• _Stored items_
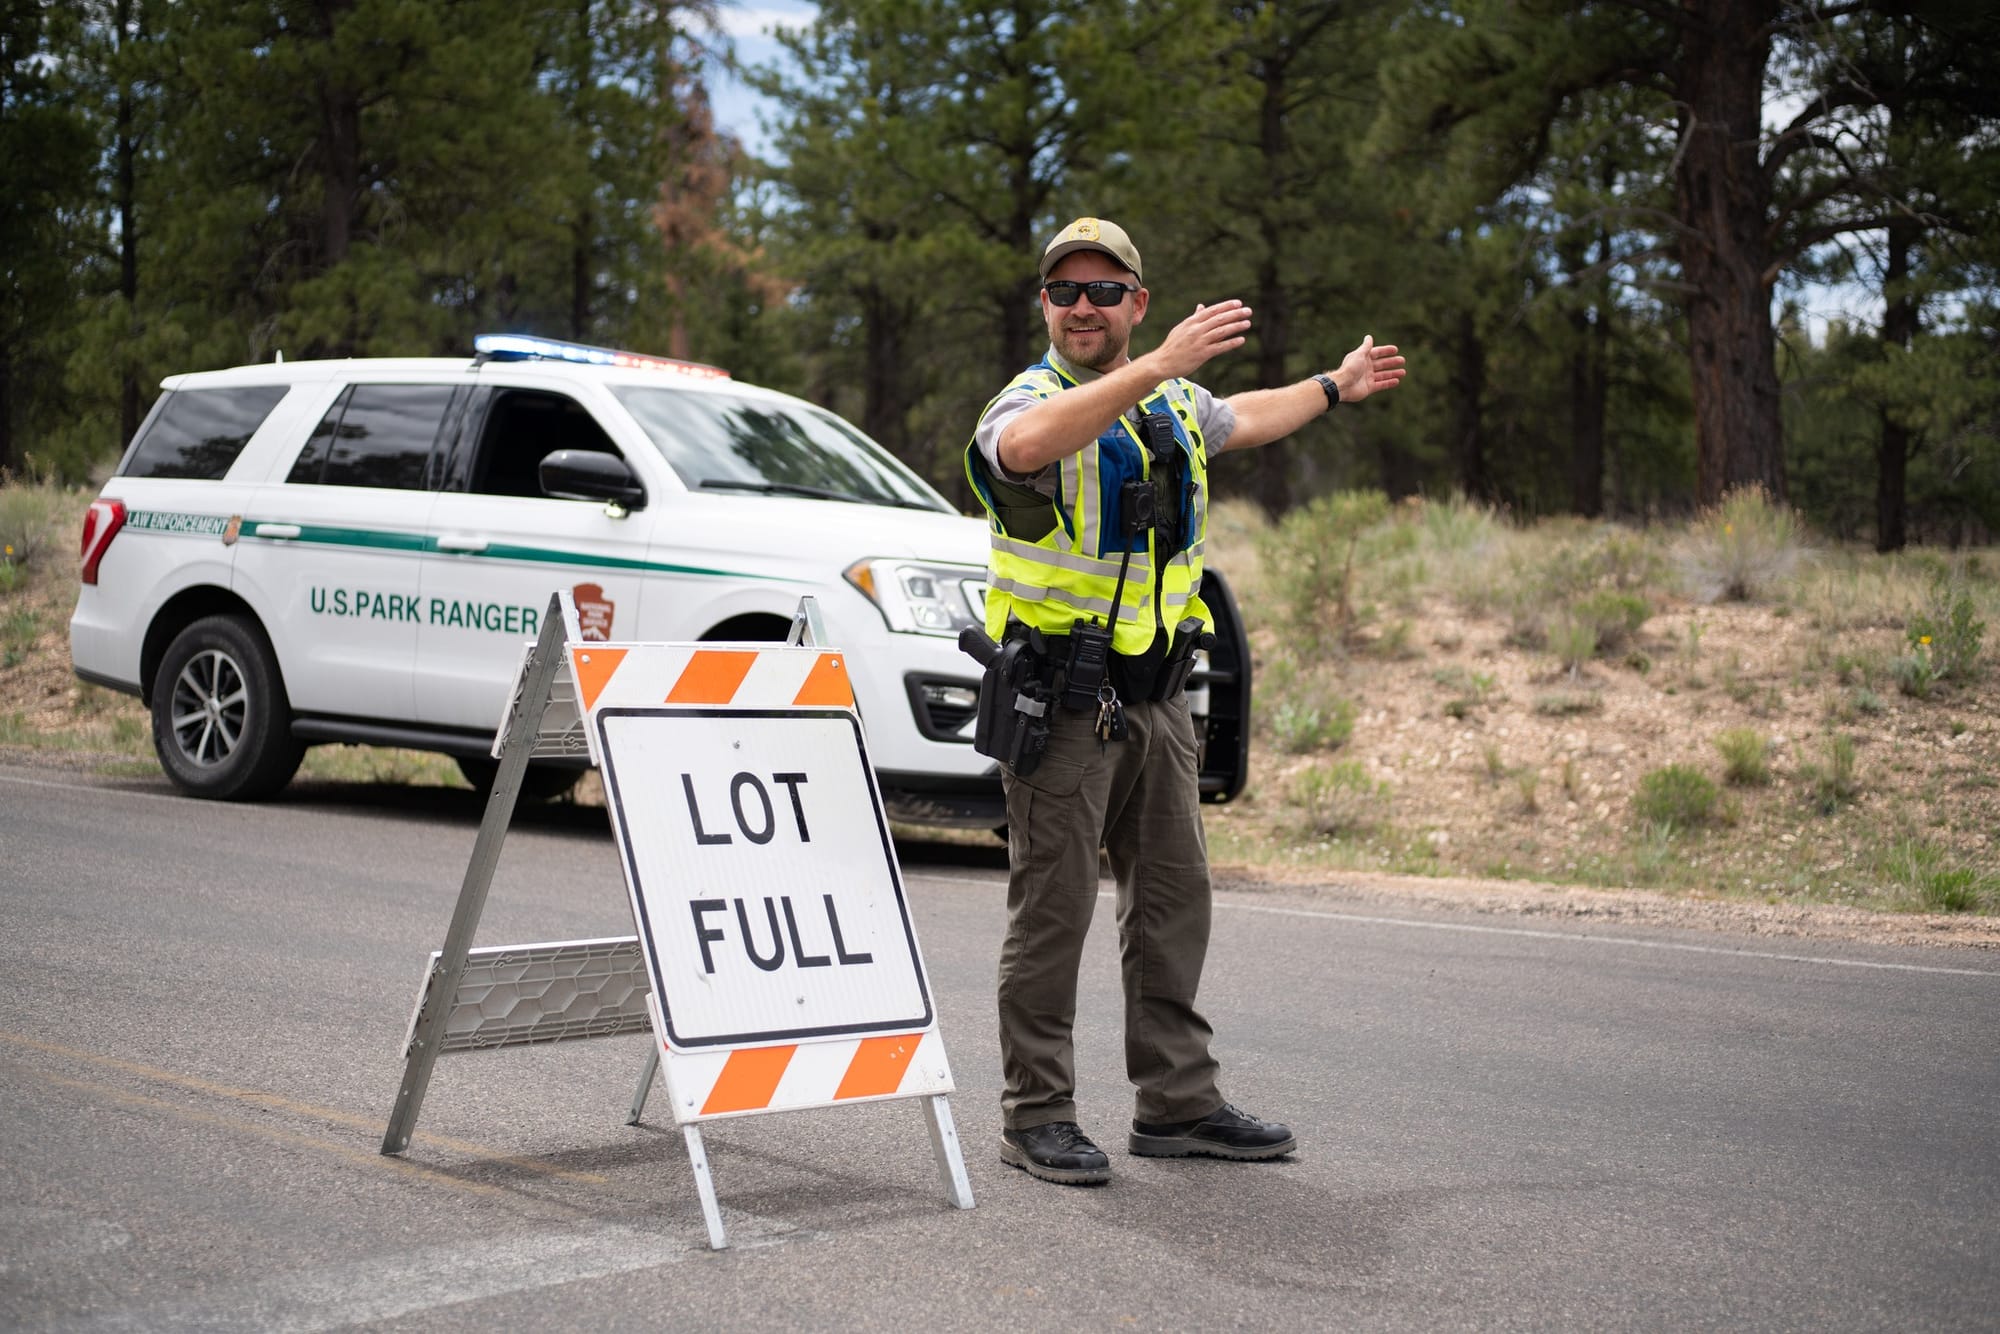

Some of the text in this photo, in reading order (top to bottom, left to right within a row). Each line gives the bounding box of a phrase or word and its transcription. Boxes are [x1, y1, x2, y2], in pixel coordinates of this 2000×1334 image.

[127, 510, 228, 534] LAW ENFORCEMENT
[430, 597, 539, 636] RANGER
[680, 771, 811, 845] LOT
[689, 893, 874, 975] FULL
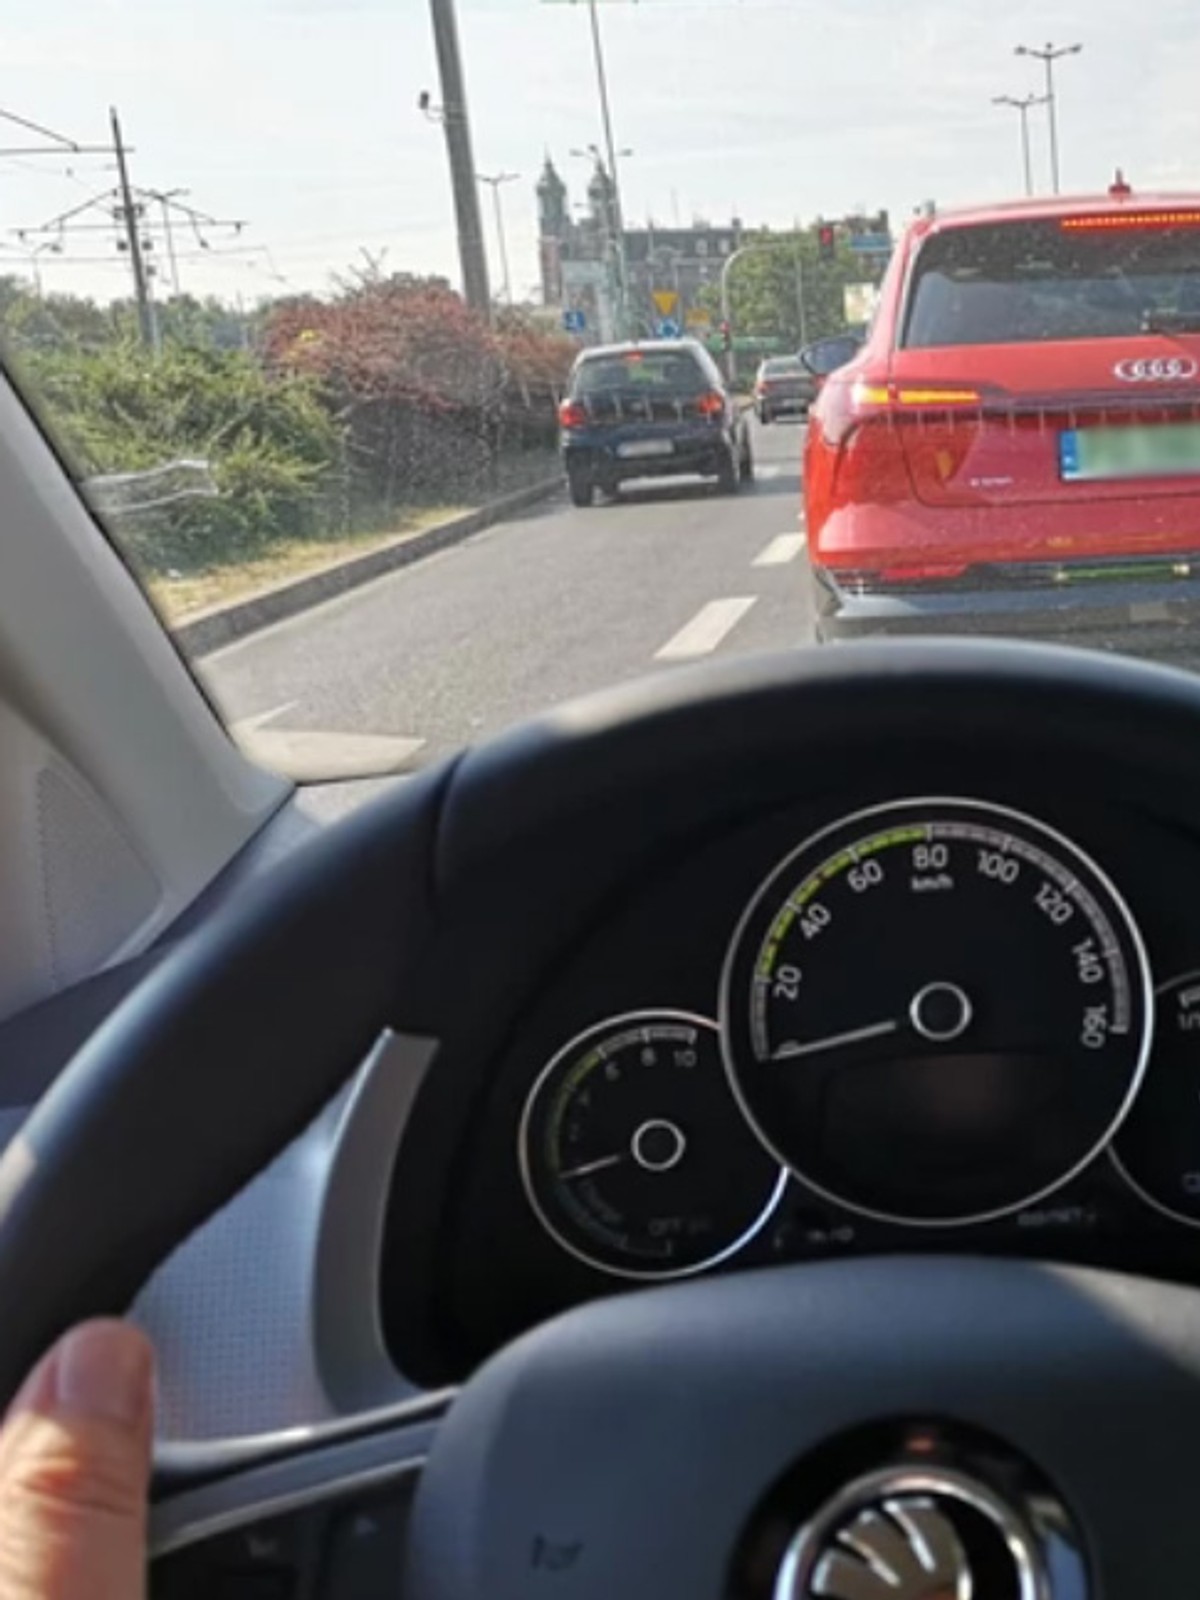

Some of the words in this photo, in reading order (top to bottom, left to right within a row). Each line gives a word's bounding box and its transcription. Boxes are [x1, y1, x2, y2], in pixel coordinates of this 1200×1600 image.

[912, 845, 948, 868] 80
[977, 850, 1020, 884] 100
[848, 861, 883, 892] 60
[800, 903, 832, 939] 40
[1035, 883, 1074, 925] 120
[1073, 937, 1103, 983] 140
[774, 965, 802, 1000] 20
[1081, 1005, 1107, 1048] 160
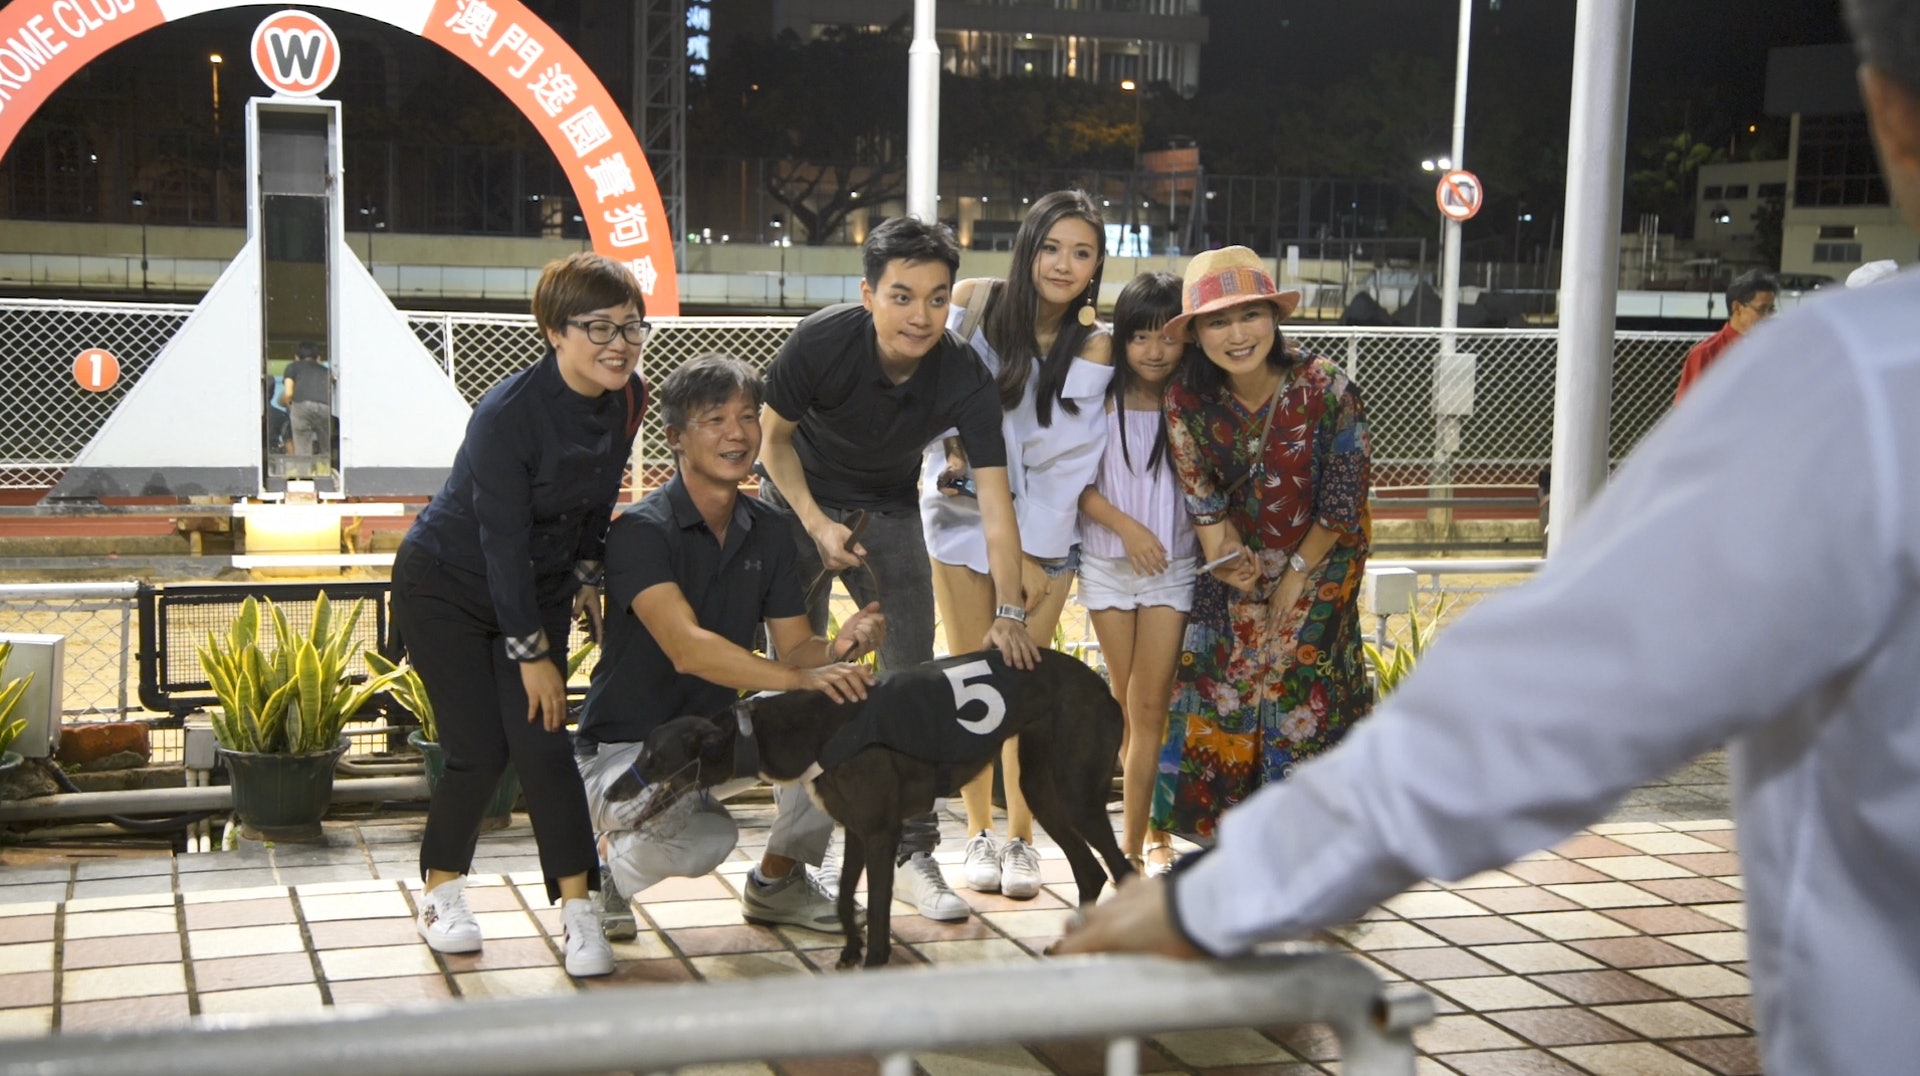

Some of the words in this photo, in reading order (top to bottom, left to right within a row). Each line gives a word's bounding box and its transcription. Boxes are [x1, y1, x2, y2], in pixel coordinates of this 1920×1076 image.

[266, 29, 325, 84] W
[89, 354, 102, 387] 1
[942, 659, 1006, 735] 5
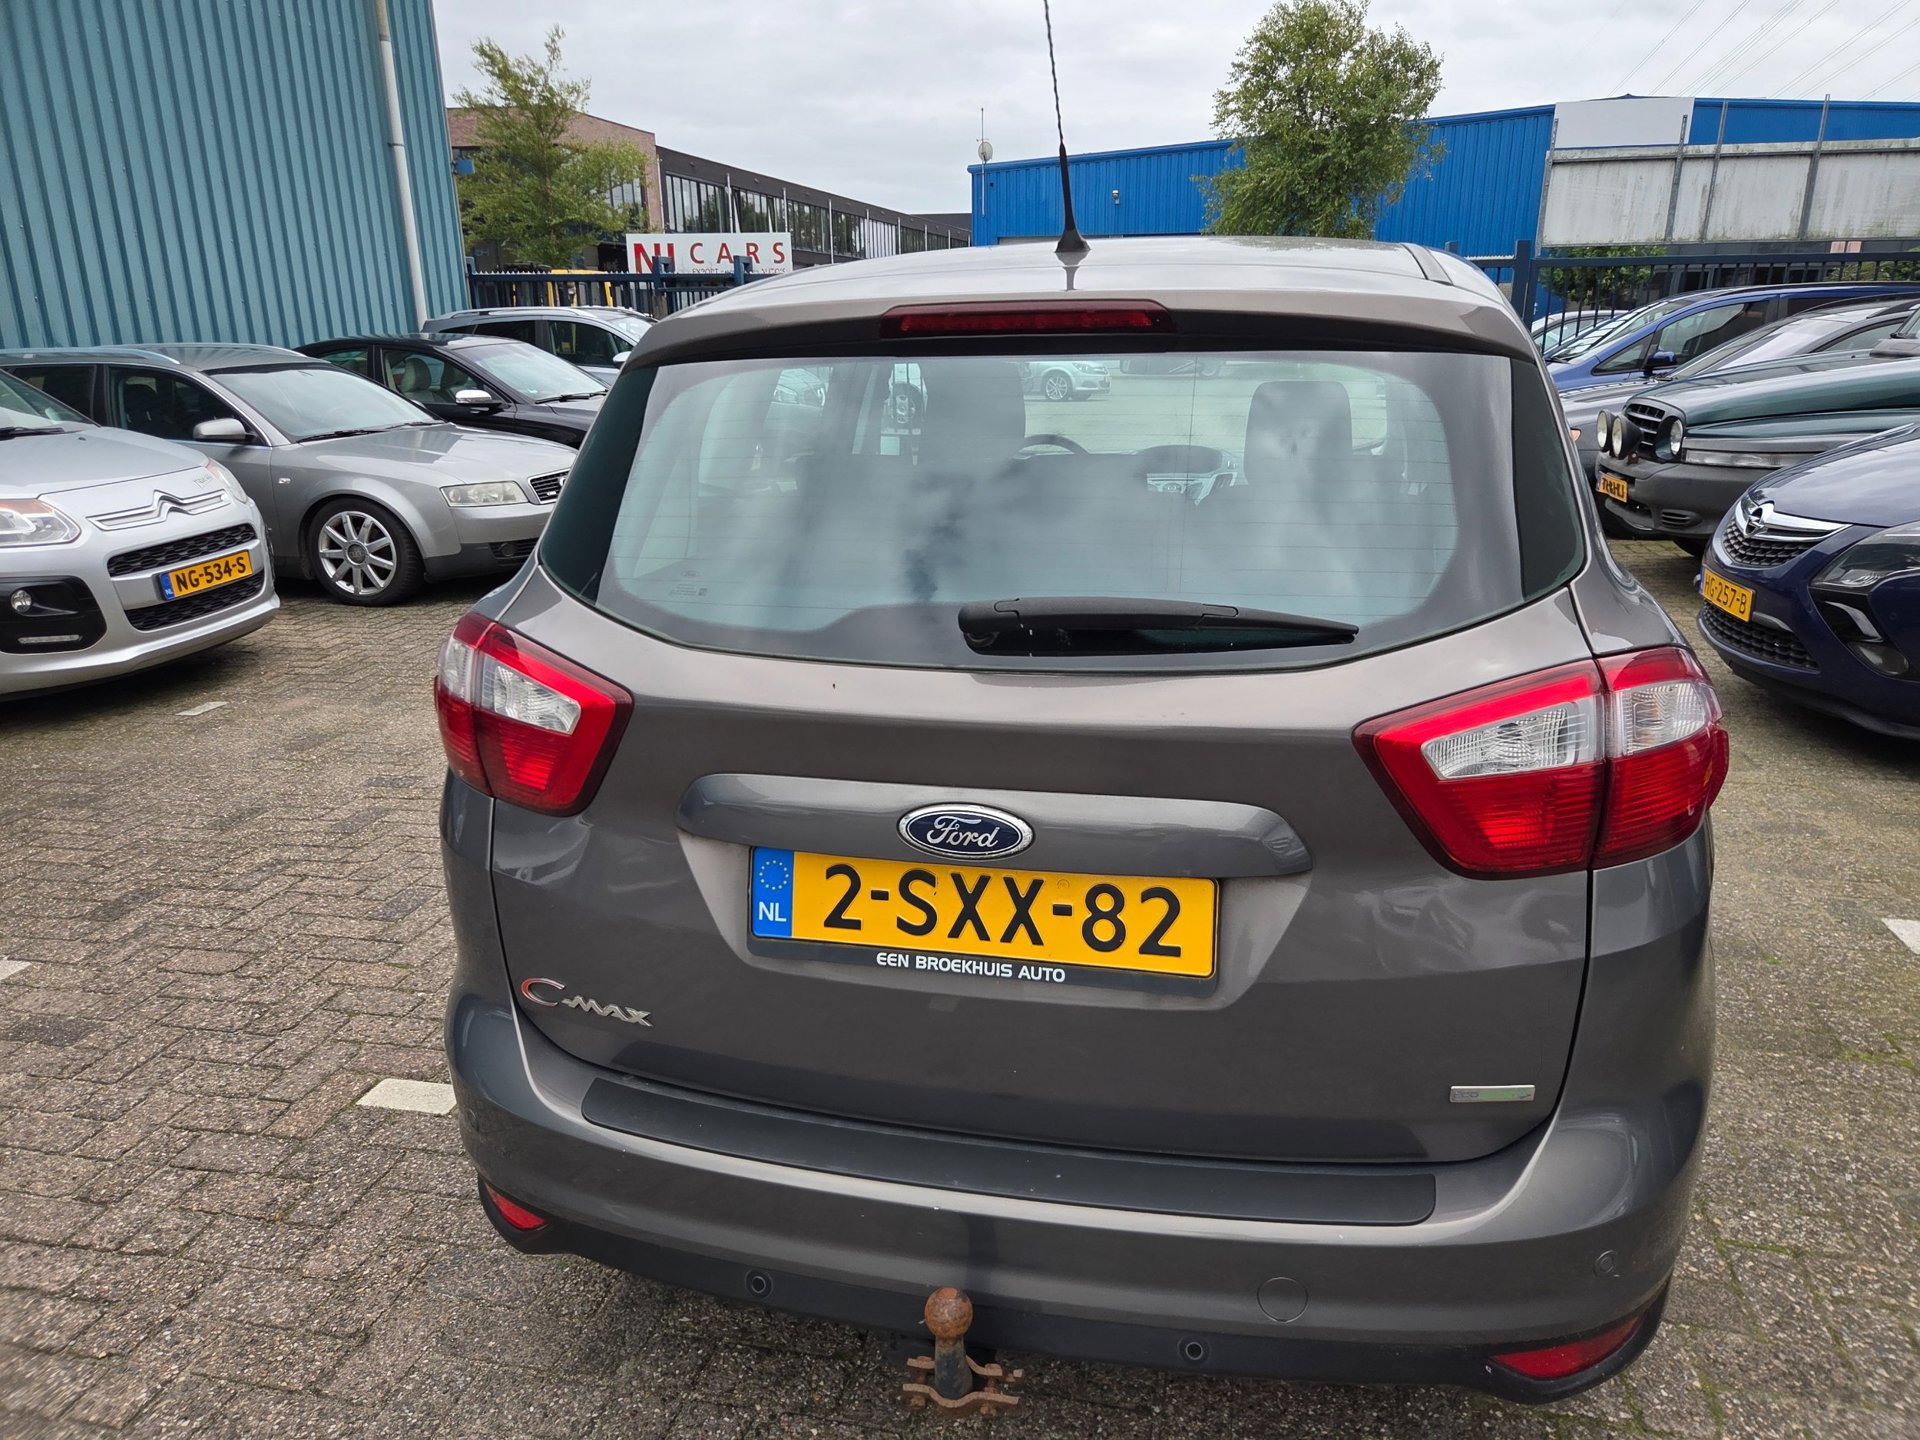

• _Problem requirements_
Write out the data again word for word, minus any images.

• _Output below_
Some of the text in this photo, in reading order (top to bottom, left to right within a row). Each line gives the bounding box of a phrase or word and its transcription. Boxes are [x1, y1, x2, y2], in pixel coordinates of this 2000×1334 image.

[127, 510, 228, 534] LAW ENFORCEMENT
[430, 597, 539, 636] RANGER
[680, 771, 811, 845] LOT
[689, 893, 874, 975] FULL

Some of the words in this photo, in reading order (top to bottom, left to right within a row). Each line gives a word's bounding box and its transcription. Boxes are [x1, y1, x2, y2], in pixel coordinates of this 1200×1600 image.

[912, 845, 948, 868] 80
[977, 850, 1020, 884] 100
[848, 861, 883, 892] 60
[800, 903, 832, 939] 40
[1035, 883, 1074, 925] 120
[1073, 937, 1103, 983] 140
[774, 965, 802, 1000] 20
[1081, 1005, 1107, 1048] 160

Some of the words in this photo, in reading order (top to bottom, left to right within a row). Each line gives a word's bounding box and its transcription. Boxes are [x1, y1, x2, y2], in pixel coordinates of this 1920×1076 image.

[266, 29, 325, 84] W
[89, 354, 102, 387] 1
[942, 659, 1006, 735] 5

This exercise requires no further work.